Inō Kanori (伊能 嘉矩) was a Japanese anthropologist and folklorist known for his studies in Taiwanese indigenous peoples. Inō was the first person who classified the aboriginal tribes into several groups, instead of the traditional classification, dating back to the period of Qing rule and earlier, which imprecisely recognized these aborigines only as "cooked/domesticated" (熟蕃, jukuban) or "raw/wild" (生蕃, seiban).

==Biography==
Inō was born in Shinyashiki (新屋敷), Yokota Village (橫田村), Tono City (遠野市), what is now part of the city of Tōno, Iwate, Japan. He moved to Tokyo in 1885 and was active in the Freedom and People's Rights Movement. He later worked as a journalist and for a printing company before becoming a pupil of the noted professor of biological anthropology, Tsuboi Shogoro, at Tokyo Imperial University in 1893, along with Torii Ryūzō. Following the acquisition of Taiwan by the Empire of Japan following the First Sino-Japanese War in 1895, he received permission from the Governor-General of Taiwan to conduct research there. Upon his arrival in Taiwan in November 1895, Inō joined the Governor-General's Office in Taipei to catalog material on indigenous people collected during the Qing administration. Inō began field research the following year. He remained in Taiwan to 1906, publishing several works on the culture of the Taiwanese aborigines.

In The Island of Formosa (1903), former US Consul to Formosa James W. Davidson presented the first English-language account of the aborigines of the whole island, which was almost entirely based on the comprehensive work collected over several years of study by Ino, the foremost authority on the topic at the time. In his book, Davidson presented Ino's formalization of eight tribes of Taiwanese aborigines: Atayal, Vonum, Tsou, Tsalisen, Paiwan, Puyuma, Ami and Pepo.

Inō returned to his native Tōno in 1905 and pursued cultural and folklore studies there, together with Kizen Sasaki.

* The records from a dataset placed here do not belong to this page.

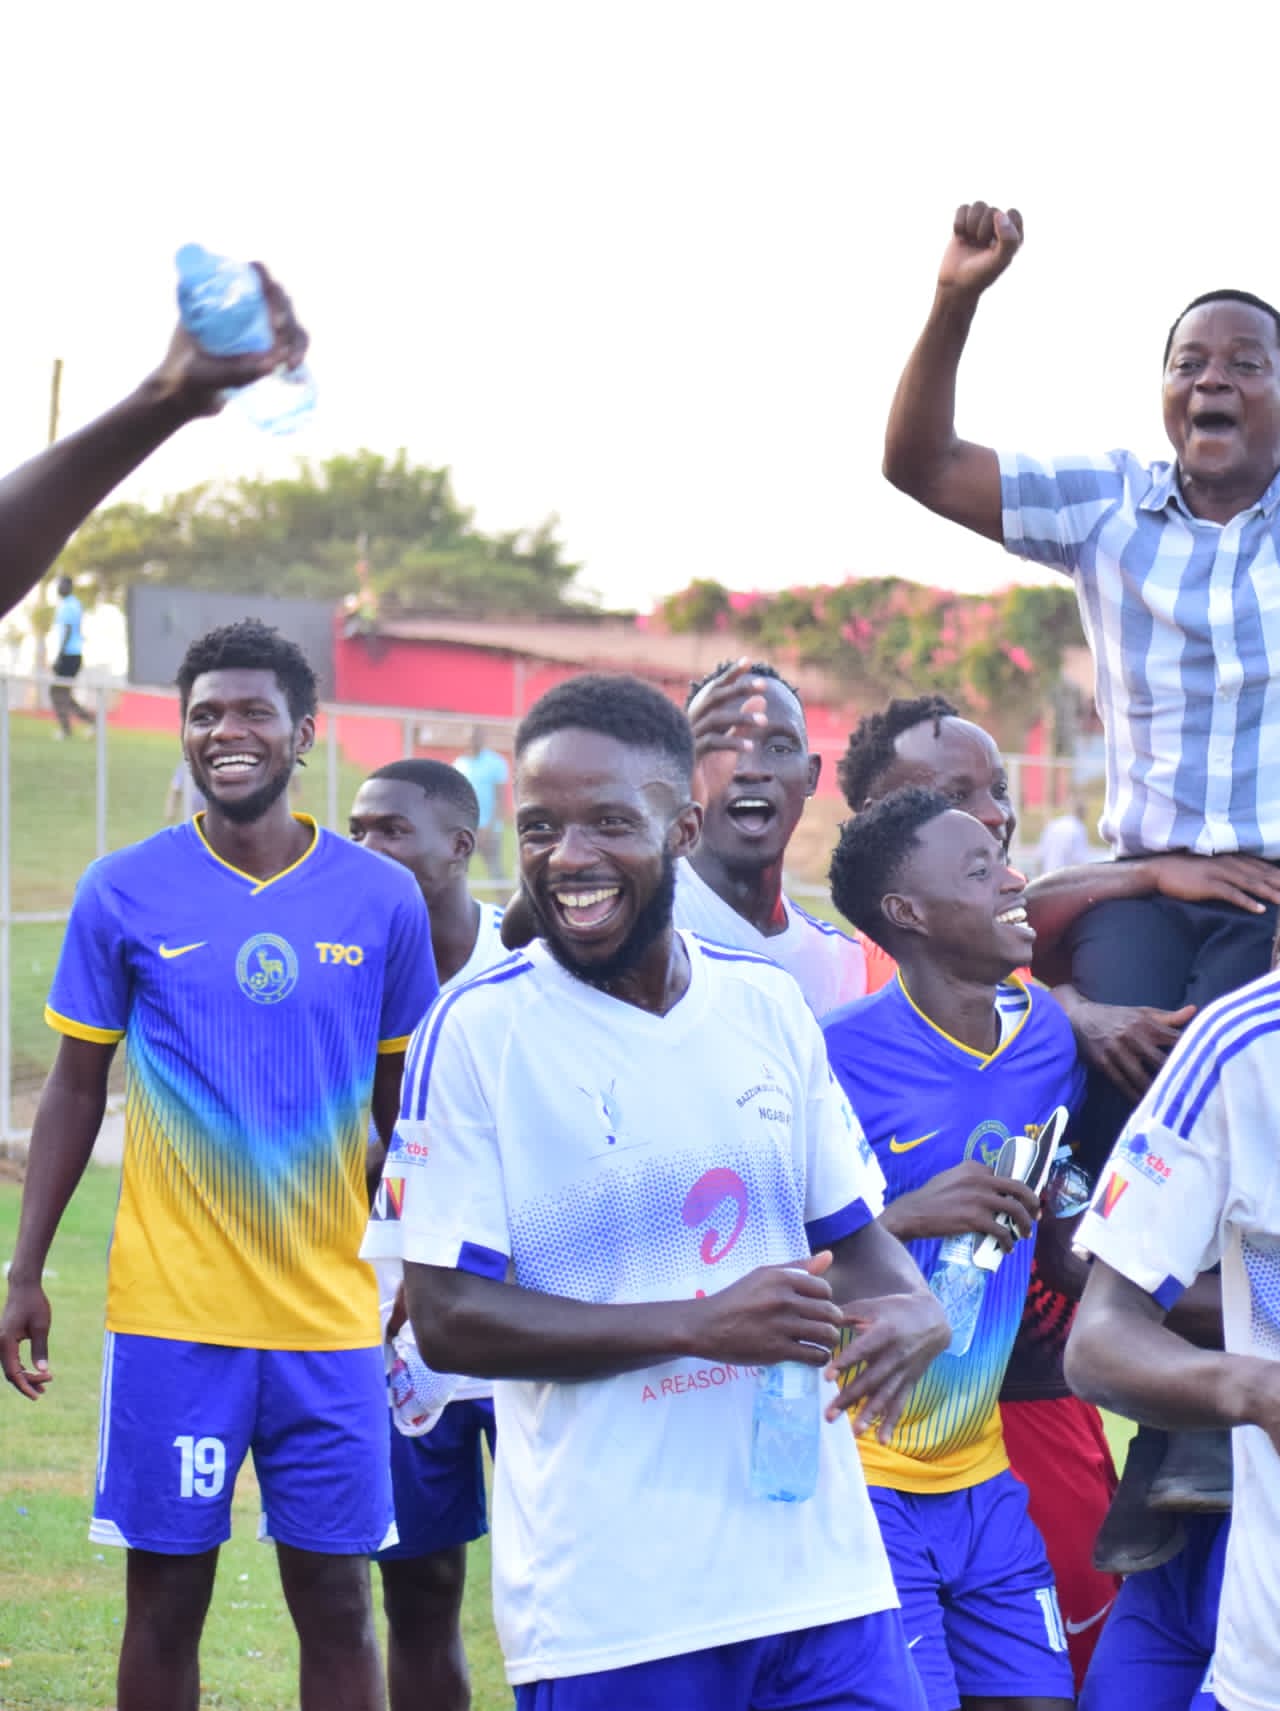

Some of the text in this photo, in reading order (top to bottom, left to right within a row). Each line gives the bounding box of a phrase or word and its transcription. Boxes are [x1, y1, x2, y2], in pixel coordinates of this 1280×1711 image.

[315, 942, 363, 966] T90
[406, 1142, 428, 1156] cbs
[641, 1385, 657, 1403] A
[660, 1364, 738, 1396] REASON
[173, 1435, 226, 1498] 19

He became acquainted with Kunio Yanagita, who was also collecting oral traditions and tales in preparation of his Tōno Monogatari. He died in 1925, due to complication from malaria contracted while he was living in Taiwan.

== Contributions to Taiwan’s historiography ==
Since Inō Kanori conducted the "survey on the preparation of educational facilities for aborigines," he had published several important and general articles on knowledge of Taiwan’s aborigines. In 1900, when Taiwan Customs Study Group (臺灣慣習研究會) was founded, Inō Kanori often published articles relating to old customs and folklore of Han Taiwanese on Articles on Taiwan Customs (《臺灣慣習記事》), marking his entrance into the realm of history from anthropology. In 1902, he published his first major work since he arrived in Taiwan: Chronicles of Taiwan (《臺灣志》). In 1908, he participated in the editorial work of Preface to the Greater Japan Dictionary of Geographical Names-Chapter of Taiwan. In 1922, when the Government-General established the Government-General of Taiwan Historical Materials Editorial Committee, Inō Kanori was hired as a committee member and compiled articles. When he died in 1925, he left a posthumous manuscript of The Complete History of Taiwan (《臺灣全史》) with as many as 54 volumes, which was published as Chronicles of Taiwan Culture (《臺灣文化志》) in 1928,  and the renowned Japanese intellectual Ozaki Hotsuma who was in Taiwan praised Inō as "the authority of Taiwan’s historiography.” In the same year, most of Inō Kanori’s Taiwanese ethological specimens became part of Taihoku Imperial University's (臺北帝國大學, nowadays National Taiwan University) collection in the specimen room, while his books and manuscripts entered the university library, and was collectively named Inō Bunko (伊能文庫, “Ino’s book collection”).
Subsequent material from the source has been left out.